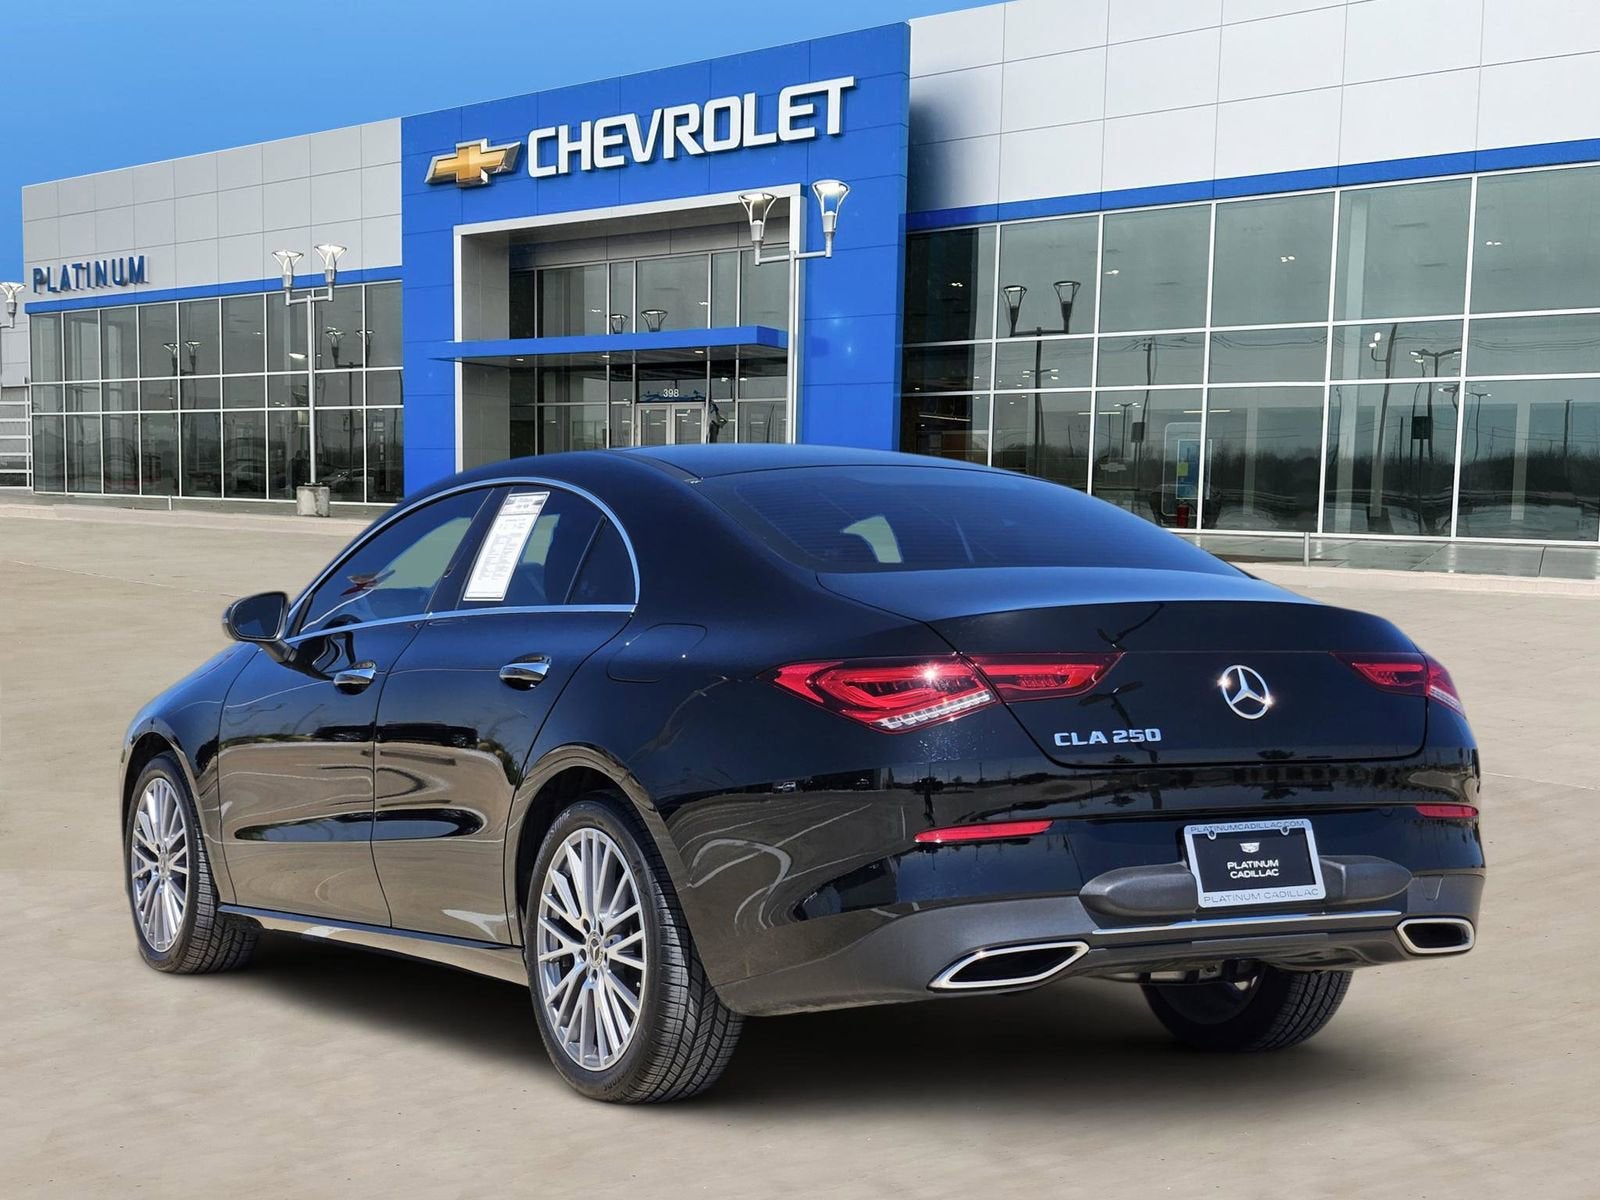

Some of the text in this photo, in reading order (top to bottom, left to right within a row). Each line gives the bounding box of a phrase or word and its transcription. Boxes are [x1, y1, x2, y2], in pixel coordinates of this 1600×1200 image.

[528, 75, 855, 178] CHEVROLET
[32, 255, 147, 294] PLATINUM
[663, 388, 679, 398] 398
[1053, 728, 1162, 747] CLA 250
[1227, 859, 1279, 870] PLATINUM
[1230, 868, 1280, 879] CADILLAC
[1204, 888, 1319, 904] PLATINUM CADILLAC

====

= What is required =
Transcribe the entries above verbatim, omitting their pictures.

= Output for this exercise =
Some of the text in this photo, in reading order (top to bottom, left to right within a row). Each line gives the bounding box of a phrase or word and its transcription. Boxes are [x1, y1, x2, y2], in pixel coordinates of this 1600×1200 image.

[528, 75, 855, 178] CHEVROLET
[32, 255, 147, 294] PLATINUM
[663, 388, 679, 398] 398
[1053, 728, 1162, 747] CLA 250
[1227, 859, 1279, 870] PLATINUM
[1230, 868, 1280, 879] CADILLAC
[1204, 888, 1319, 904] PLATINUM CADILLAC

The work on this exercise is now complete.